We begin with a commitment to a different reading and a different order of speculation. We want to stop the rush of planning and forecasting, projecting and flattening, to look and see what is going on in Delhi, São Paulo, Jakarta and Johannesburg, the cities we have researched and engaged with for a long time, but also many others like Cairo, Manila, Lagos, Karachi. From ‘here’, the history of colonial and imperial global arrangements of extraction and wealth creation and the history of the formation of national elites have framed urban majorities that live with minimal resources, vulnerable to small changes in social and economic arrangements.  We want to look at lifeworlds that cannot be so clearly divided into ‘before’ and ‘after’ the pandemic, and where ‘crisis’ and the ‘everyday’ are not so neatly separable. These are places where worlds have not been interrupted as much as continued in intensified contingencies, provoking rearrangements in massive processes of micro-speculations and compounding risks. Instead of the totalizing and singular narratives that the pandemic has produced, we urge a focus on quotidian formations of collective life, a way of understanding the pandemic and the world that is attuned to southern urban processes and experiences.

We offer collective life as an analytic that we believe keeps the focus where it must be: on the ways in which the urban majority is trying to survive and cope within structures of inequality that now bear both the new imprint of COVID-19 while equally holding the continuities of older forms of distancing and exclusion. Pandemic provisions exacerbate ongoing structural racisms, class inequalities, and gender and sexuality hierarchies upon which the massifying cities of the colonies, the third world, the global south, have been built.

There was No Lockdown

Any reporter who has worked a day during this lockdown will tell you that there is no lockdown. There is the Disney version of our infection rates, which look good on paper … And there’s the majority of South Africa’s people, who go about their day with a mask draped around their chin, sullenly loathing the restrictions that, in the end, will not keep them safe from anything – Richard Poplak, The Daily Maverick

For the majority in cities of the global south, where most urban people in the world live, ‘social distancing’ as prescribed by northern health protocols is just about impossible. It exists in an imaginary world, a projection, in which people have a home where they can be isolated and work from, where children can have classes via zoom, where savings exist on which to survive for lockdown days without new income, and where hands can be easily washed.  Calls to “stay at home,” and “work from home,” as well as the design of mobility-constricting “lockdowns” as preventive epidemiological practices draw their imagination from the urban arrangements, built forms and economic lifeworlds of the North and of the elite neighborhoods that brought COVID into southern cities.  COVID-19 was introduced in cities of the global south by members of the elites who had travelled to Europe and to China. It spread from upper-class neighborhoods to poor areas of the city, not uncommonly carried by domestic workers who contracted the virus from their rich employers. This directionality has created ways of seeing the virus and ways of shaping a response that tracks a northern and elite paradigm.

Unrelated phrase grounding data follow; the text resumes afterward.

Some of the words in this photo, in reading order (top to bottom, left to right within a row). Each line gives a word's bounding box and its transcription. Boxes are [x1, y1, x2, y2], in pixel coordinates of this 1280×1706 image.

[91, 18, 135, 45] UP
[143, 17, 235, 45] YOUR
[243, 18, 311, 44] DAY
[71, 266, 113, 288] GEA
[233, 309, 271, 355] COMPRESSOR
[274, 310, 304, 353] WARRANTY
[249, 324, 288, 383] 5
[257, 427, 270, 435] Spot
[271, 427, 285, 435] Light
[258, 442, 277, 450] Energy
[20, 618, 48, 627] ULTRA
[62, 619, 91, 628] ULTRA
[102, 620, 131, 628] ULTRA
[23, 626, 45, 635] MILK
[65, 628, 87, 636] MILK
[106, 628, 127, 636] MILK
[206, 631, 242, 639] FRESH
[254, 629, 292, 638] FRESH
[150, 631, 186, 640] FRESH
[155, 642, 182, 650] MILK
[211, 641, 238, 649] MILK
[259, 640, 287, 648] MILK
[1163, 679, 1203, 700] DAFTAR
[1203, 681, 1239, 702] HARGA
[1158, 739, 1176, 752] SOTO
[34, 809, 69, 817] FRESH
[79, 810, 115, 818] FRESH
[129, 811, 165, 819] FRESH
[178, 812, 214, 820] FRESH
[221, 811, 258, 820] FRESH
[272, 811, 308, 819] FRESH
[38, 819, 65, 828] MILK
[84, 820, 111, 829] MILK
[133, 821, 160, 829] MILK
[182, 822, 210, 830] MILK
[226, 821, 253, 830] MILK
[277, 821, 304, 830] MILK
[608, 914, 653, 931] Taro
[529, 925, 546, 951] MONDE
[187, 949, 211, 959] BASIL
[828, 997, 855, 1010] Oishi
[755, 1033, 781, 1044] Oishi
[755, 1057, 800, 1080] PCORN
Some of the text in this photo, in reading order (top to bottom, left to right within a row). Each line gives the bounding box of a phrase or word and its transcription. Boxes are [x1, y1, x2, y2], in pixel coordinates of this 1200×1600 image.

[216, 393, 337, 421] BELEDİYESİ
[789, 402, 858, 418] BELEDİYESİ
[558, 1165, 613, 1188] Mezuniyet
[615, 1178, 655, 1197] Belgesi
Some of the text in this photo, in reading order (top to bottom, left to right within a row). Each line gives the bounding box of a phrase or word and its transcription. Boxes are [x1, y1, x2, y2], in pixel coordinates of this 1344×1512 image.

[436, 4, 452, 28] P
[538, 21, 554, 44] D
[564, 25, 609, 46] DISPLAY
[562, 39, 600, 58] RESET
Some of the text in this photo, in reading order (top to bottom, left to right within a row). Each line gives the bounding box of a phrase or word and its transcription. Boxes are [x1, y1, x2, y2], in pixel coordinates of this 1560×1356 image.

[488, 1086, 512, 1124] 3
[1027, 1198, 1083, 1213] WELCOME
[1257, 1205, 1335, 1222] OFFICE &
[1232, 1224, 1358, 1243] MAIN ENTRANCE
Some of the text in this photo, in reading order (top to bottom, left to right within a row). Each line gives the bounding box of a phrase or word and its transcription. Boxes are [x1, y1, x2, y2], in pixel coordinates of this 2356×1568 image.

These elite paradigmatic imaginations have thin roots in cities where auto-construction, patchwork infrastructure and services, diverse and tacit local economies, as well as the unaffordability of housing, define the condition of life for the majority. Here, there has been a long unsettled relationship between the categories of “home” and “work”, between private and public space, even of who and what the family or the household is. Families and subletters, friends and strangers sleep in bathrooms and kitchens, share couches and beds, work in public space and other people’s homes, and live in homes themselves that are often always in the process of being built and remodeled, depending on the resources and materials that become available at different times. In urban India, 65% of households with more than three members live in less than two rooms. In Jakarta, huge mobile informal markets in small urban spaces provide food and economic infrastructure for the majority of the city’s residents. In Johannesburg, small township yards fill in with corrugated iron ‘backyard’ dwellings, sharing electricity and water points that disavow inherited models of ‘the household’. This in concert with the colonial history of black migrant work which fundamentally rearranged black Southern African households and families in movement across many structures and great distances, making the idea of a single household unit untenable.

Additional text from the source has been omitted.